3. The intelligent pathogen coating device as described in claim 1, characterized in that: The petri dish storage rack includes a top plate and a bottom plate arranged sequentially, and multiple connecting rods disposed between the top plate and the bottom plate. Multiple receiving compartments for storing petri dishes are formed between the top plate and the bottom plate through the connecting rods. The bottom plate is provided with multiple circular grooves corresponding to the receiving compartments. Multiple baffles are circumferentially connected to the edges of the circular grooves. The petri dish lifting mechanism includes a petri dish lifting unit disposed on the base and a push rod disposed on the output end of the petri dish lifting unit. The push rod pushes the processed petri dishes onto the bottom plate through the circular grooves.
4. The intelligent pathogen coating device as described in claim 1, characterized in that: The operating table is equipped with a labeling mechanism that works in conjunction with the petri dish transport mechanism.
5. The intelligent pathogen coating device as described in claim 2, characterized in that: The test tube transport mechanism includes a second bracket connected to the moving end of the first displacement component, a rotating unit, and a second lifting unit. The second bracket is connected to the second lifting unit, and the output end of the second lifting unit is connected to a third bracket. A clamping gripper is rotatably connected to the bottom of the third bracket. The rotating unit is fixed on the third bracket, and its output end is connected to the clamping gripper.
6. The intelligent pathogen coating device as described in claim 1, characterized in that: The second frame is provided with a second displacement component; the inoculation loop marking mechanism includes an inoculation loop lifting unit connected to the moving end of the second displacement component and an inoculation loop disposed on the output end of the inoculation loop lifting unit, the inoculation loop cooperating with the test tube clamping mechanism.
7. The intelligent pathogen coating device as described in claim 1, characterized in that: The culture dish conveying mechanism includes a conveying displacement component disposed below the operating table and an adsorption unit disposed on the moving end of the conveying displacement component. The output end of the adsorption unit is provided with a suction cup, which slides in cooperation with the operating table and the culture dish placement rack.
8. The intelligent pathogen coating device as described in claim 1, characterized in that: The petri dish ejection mechanism includes a petri dish lifting assembly disposed below the petri dish placement rack and a petri dish clamp disposed adjacent to the petri dish placement rack. The petri dish lifting assembly includes a petri dish lifting unit disposed on the base and a push rod disposed on the output end of the petri dish lifting unit. The push rod cooperates with the petri dish placement rack to lift the petri dish, and the petri dish clamp cooperates with the push rod to clamp part of the petri dish.
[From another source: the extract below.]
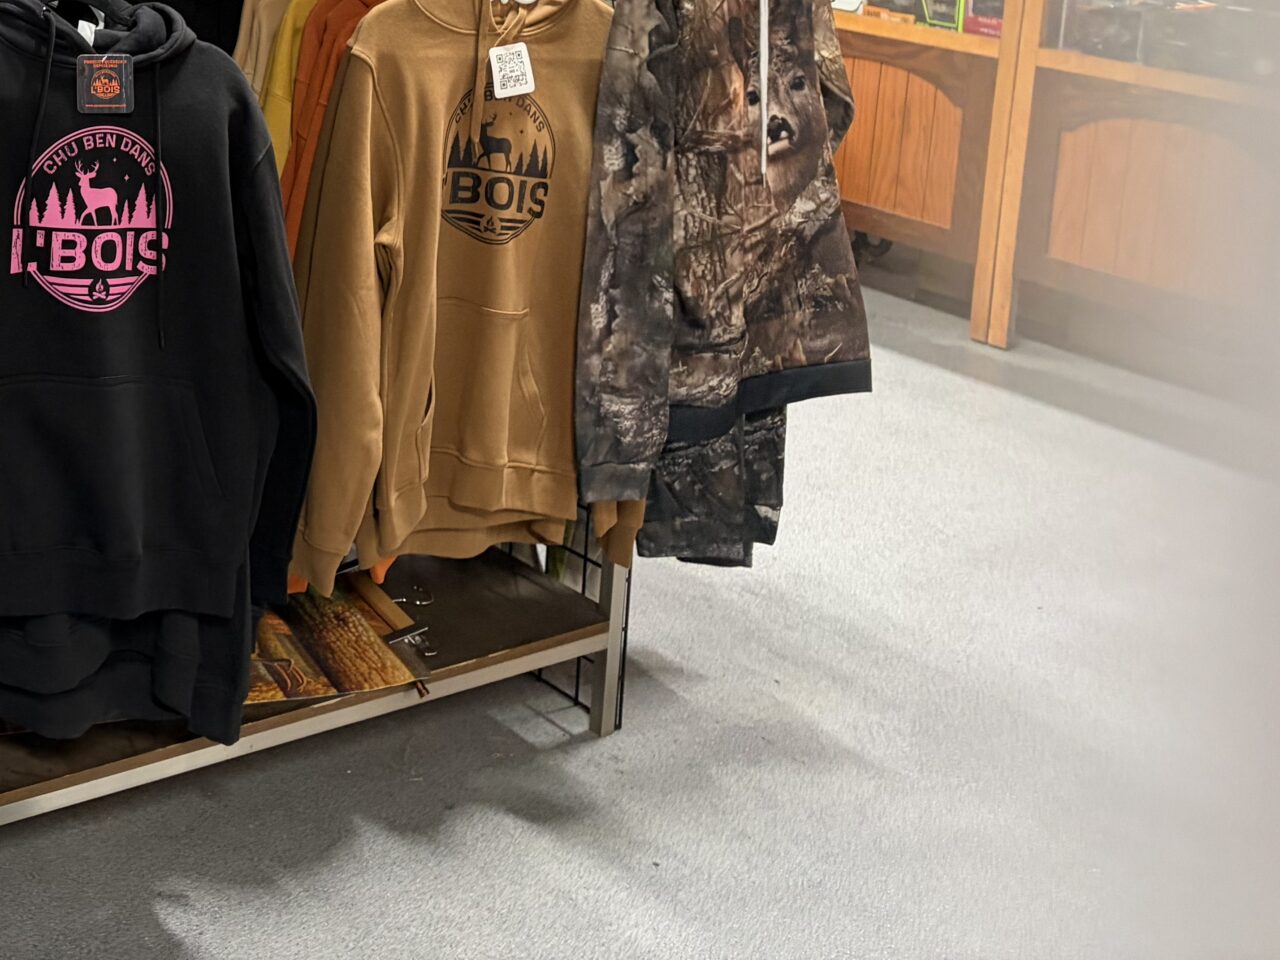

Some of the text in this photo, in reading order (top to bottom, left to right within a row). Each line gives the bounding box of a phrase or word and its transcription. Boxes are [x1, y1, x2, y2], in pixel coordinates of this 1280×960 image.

9. The intelligent pathogen coating device as described in claim 6, characterized in that: The moving end of the second displacement component is also connected to a pipetting pump mechanism. The pipetting pump mechanism includes a pipetting pump lifting unit connected to the moving end of the second displacement component and a pipetting pump disposed on the output end of the pipetting pump lifting unit. Below the pipetting pump mechanism, there is a pipetting tube holder and a digestive fluid storage cup that cooperate with it. The pipetting tube holder is provided with multiple pipetting tubes, and the bottom of the test tube holder is provided with a test tube shaking mechanism.